*EXERCISE*
Without the pictures, give the entries below again exactly as written.

(Recorded data)
▬▬▬▬▬▬

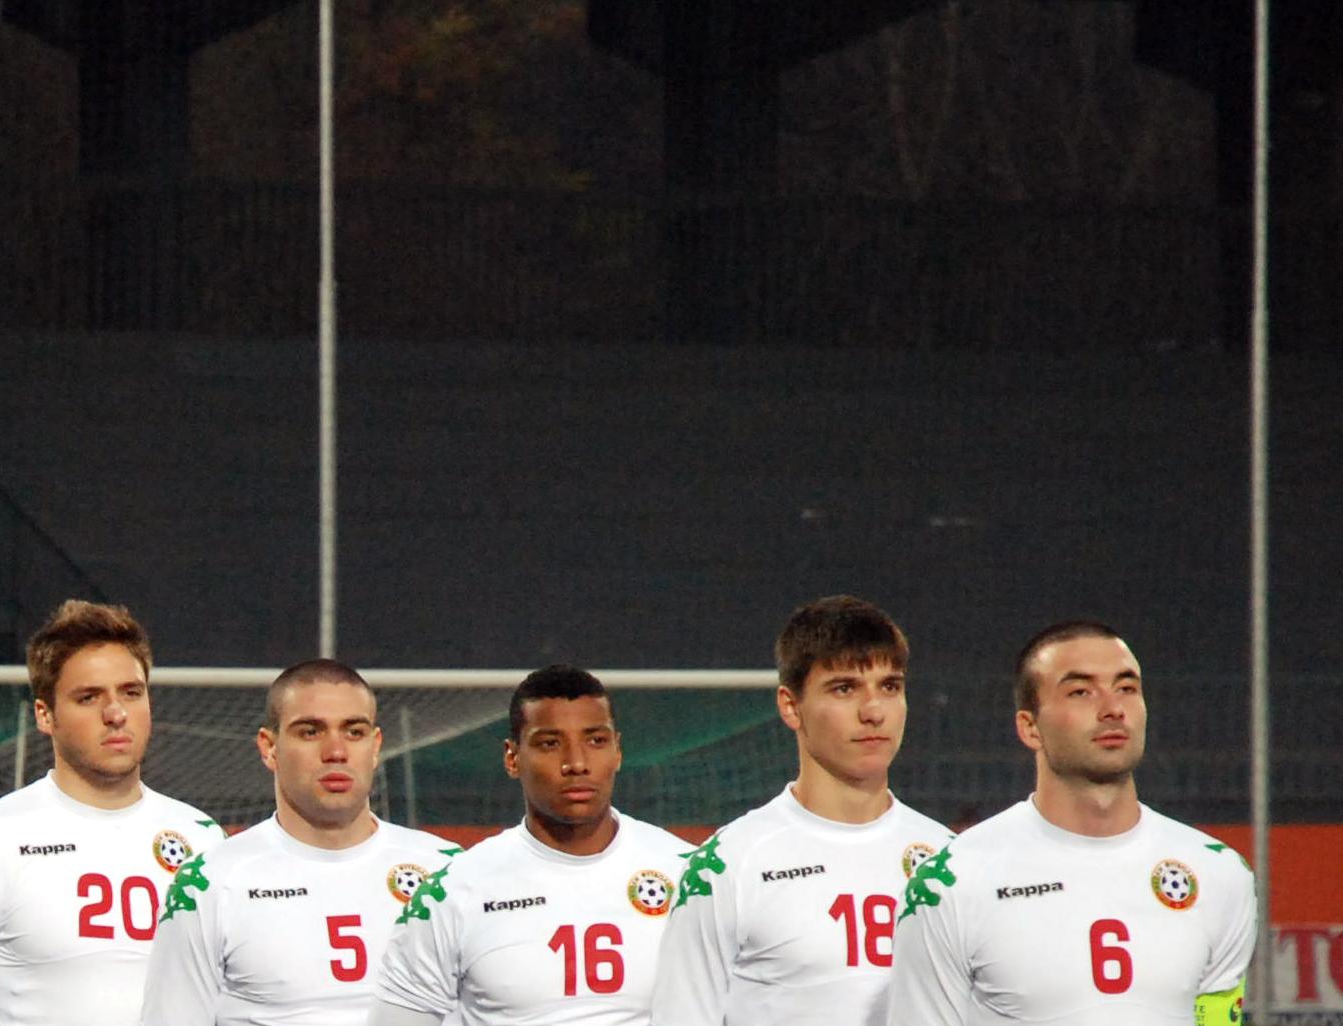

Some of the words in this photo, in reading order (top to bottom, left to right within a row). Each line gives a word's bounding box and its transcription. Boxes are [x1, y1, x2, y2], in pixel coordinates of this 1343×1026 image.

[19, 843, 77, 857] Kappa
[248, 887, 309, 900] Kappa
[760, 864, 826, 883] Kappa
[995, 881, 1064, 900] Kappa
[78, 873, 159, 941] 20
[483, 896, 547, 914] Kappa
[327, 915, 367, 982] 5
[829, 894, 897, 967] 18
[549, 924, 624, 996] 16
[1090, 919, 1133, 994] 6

▬▬▬▬▬▬

*SOLUTION TO THIS TASK*
Some of the words in this photo, in reading order (top to bottom, left to right within a row). Each line gives a word's bounding box and its transcription. Boxes are [x1, y1, x2, y2], in pixel coordinates of this 1343×1026 image.

[19, 843, 77, 857] Kappa
[248, 887, 309, 900] Kappa
[760, 864, 826, 883] Kappa
[995, 881, 1064, 900] Kappa
[78, 873, 159, 941] 20
[483, 896, 547, 914] Kappa
[327, 915, 367, 982] 5
[829, 894, 897, 967] 18
[549, 924, 624, 996] 16
[1090, 919, 1133, 994] 6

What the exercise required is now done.